This thesis examined three types of childhood adversity, low parental care, overprotection and abuse, as predictors of response to two types of depression treatment: antidepressant medication and psychotherapy. These three types of childhood adversity were also examined in association with adults who made a lifetime suicide attempt or engaged in non-suicidal self-injury (NSSI). Post-hoc analyses were conducted to explore for associations between patients who selected the most extreme responses, lowest or highest, on a pre-treatment measure of depression cognitions and their response to psychotherapy. These analyses were termed the “extreme responder hypothesis.”
Two outpatient groups, recruited for separate but sequential clinical trials, comprised a sample of 372 adults with a primary diagnosis of major depressive episode. The first trial compared the antidepressant medications fluoxetine to nortriptyline (n = 195), and the second compared interpersonal psychotherapy (IPT) to cognitive behavioural therapy (CBT) (n = 177).
At baseline, all patients underwent a detailed clinical interview. The structured assessment was conducted by a trained clinician who asked a range of diagnostic questions including incidence of suicide attempts or self-harm; the research nurse asked about childhood abuse. Outcome data were gathered from these interviews, the clinician-rated Montgomery Åsberg Depression Rating Scale (MADRS), and the Clinical Global Impression Scale (CGI), as well as the self-report Parental Bonding Instrument (PBI).

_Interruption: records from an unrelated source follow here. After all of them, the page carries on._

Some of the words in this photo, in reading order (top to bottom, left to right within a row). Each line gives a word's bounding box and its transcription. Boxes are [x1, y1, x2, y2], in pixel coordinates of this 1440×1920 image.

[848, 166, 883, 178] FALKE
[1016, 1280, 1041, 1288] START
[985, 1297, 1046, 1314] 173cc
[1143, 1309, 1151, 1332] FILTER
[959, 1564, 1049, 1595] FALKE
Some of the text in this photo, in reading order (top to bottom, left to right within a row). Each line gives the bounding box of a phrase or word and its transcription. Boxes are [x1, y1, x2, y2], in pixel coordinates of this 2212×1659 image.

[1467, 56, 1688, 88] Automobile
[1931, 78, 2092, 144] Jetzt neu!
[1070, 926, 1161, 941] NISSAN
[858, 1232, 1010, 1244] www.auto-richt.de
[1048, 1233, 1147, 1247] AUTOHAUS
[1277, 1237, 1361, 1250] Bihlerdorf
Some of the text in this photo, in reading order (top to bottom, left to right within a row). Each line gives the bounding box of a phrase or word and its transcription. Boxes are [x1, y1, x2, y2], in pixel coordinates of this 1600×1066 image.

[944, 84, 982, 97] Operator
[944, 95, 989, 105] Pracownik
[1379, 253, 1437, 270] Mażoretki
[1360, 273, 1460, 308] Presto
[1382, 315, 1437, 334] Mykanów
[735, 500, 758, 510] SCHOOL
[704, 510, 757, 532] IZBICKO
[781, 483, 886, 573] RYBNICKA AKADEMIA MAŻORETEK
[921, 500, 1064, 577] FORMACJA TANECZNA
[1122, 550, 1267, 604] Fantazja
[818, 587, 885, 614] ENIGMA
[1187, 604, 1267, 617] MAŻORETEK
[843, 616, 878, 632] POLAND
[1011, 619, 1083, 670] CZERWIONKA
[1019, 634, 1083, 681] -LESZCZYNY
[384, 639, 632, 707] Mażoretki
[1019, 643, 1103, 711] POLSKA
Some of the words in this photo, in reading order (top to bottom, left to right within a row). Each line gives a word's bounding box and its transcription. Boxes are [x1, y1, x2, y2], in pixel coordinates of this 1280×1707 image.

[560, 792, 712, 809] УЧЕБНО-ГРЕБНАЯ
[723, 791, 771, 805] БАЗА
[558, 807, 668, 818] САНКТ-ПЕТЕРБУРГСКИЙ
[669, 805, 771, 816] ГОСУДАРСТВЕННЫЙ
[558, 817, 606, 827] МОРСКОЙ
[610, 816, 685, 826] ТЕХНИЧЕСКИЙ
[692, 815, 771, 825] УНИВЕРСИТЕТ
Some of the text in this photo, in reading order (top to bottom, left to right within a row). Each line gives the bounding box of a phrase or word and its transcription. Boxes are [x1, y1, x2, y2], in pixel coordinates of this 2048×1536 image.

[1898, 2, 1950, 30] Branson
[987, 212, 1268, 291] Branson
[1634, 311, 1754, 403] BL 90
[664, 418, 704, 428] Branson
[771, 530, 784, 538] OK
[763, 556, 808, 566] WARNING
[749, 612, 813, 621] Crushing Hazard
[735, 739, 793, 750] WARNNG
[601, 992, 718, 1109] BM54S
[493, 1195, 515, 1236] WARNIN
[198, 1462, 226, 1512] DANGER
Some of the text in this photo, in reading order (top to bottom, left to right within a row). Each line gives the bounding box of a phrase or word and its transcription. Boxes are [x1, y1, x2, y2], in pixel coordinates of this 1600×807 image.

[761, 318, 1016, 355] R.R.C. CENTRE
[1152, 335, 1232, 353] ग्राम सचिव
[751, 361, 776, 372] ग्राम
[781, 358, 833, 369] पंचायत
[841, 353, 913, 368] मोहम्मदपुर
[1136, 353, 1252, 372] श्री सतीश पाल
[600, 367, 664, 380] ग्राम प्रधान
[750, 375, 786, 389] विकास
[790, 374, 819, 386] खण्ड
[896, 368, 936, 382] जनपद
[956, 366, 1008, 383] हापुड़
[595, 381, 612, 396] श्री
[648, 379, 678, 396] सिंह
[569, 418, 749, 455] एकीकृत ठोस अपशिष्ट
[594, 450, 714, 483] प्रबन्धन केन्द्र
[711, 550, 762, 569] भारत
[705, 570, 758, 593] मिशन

In the medication trial, three outcomes were examined: whether or not the patient had an adequate trial of medication; the percentage improvement at six weeks as measured against MADRS baseline; and whether or not the patient achieved two months of sustained recovery, measured by the CGI at six months. In the psychotherapy trial, two outcomes were examined: whether or not the patient achieved a ≥60% improvement on the MADRS and percentage improvement at end-of-treatment as measured against MADRS baseline. Responses to suicide and NSSI questions were dichotomized outcomes.
• Low paternal care predicted an inadequate trial of medication.
• Maternal overprotection predicted poor patient response to treatment at six weeks and a lower rate of achieving two months of sustained recovery, measured at six months.
• Maternal care showed a non-linear relationship with response across both therapies. Patients reporting intermediate levels of maternal care (versus low or high levels of care) responded best to psychotherapy.
• Across therapies, the interaction effect of maternal care by therapy and paternal protection by therapy were statistically significant.
• Maternal care and paternal protection levels were associated with a differential response to IPT but not CBT.
• The extreme responder hypothesis did not explain the downward response trend in patients who reported high maternal care.
Suicide attempts and NSSI:
• Low maternal care was associated with higher rates of lifetime suicide attempts.
• Low paternal care was associated with higher rates of NSSI.
• Abuse — whether psychological, physical, or sexual — was not a robust predictor of any of the outcomes measured.
This thesis finds a modest association among low parental care, overprotection, and poor outcomes for adults with depression. The results suggest it is appropriate to conceptualize parental care and protection levels as contextual factors in treating a patient’s depression.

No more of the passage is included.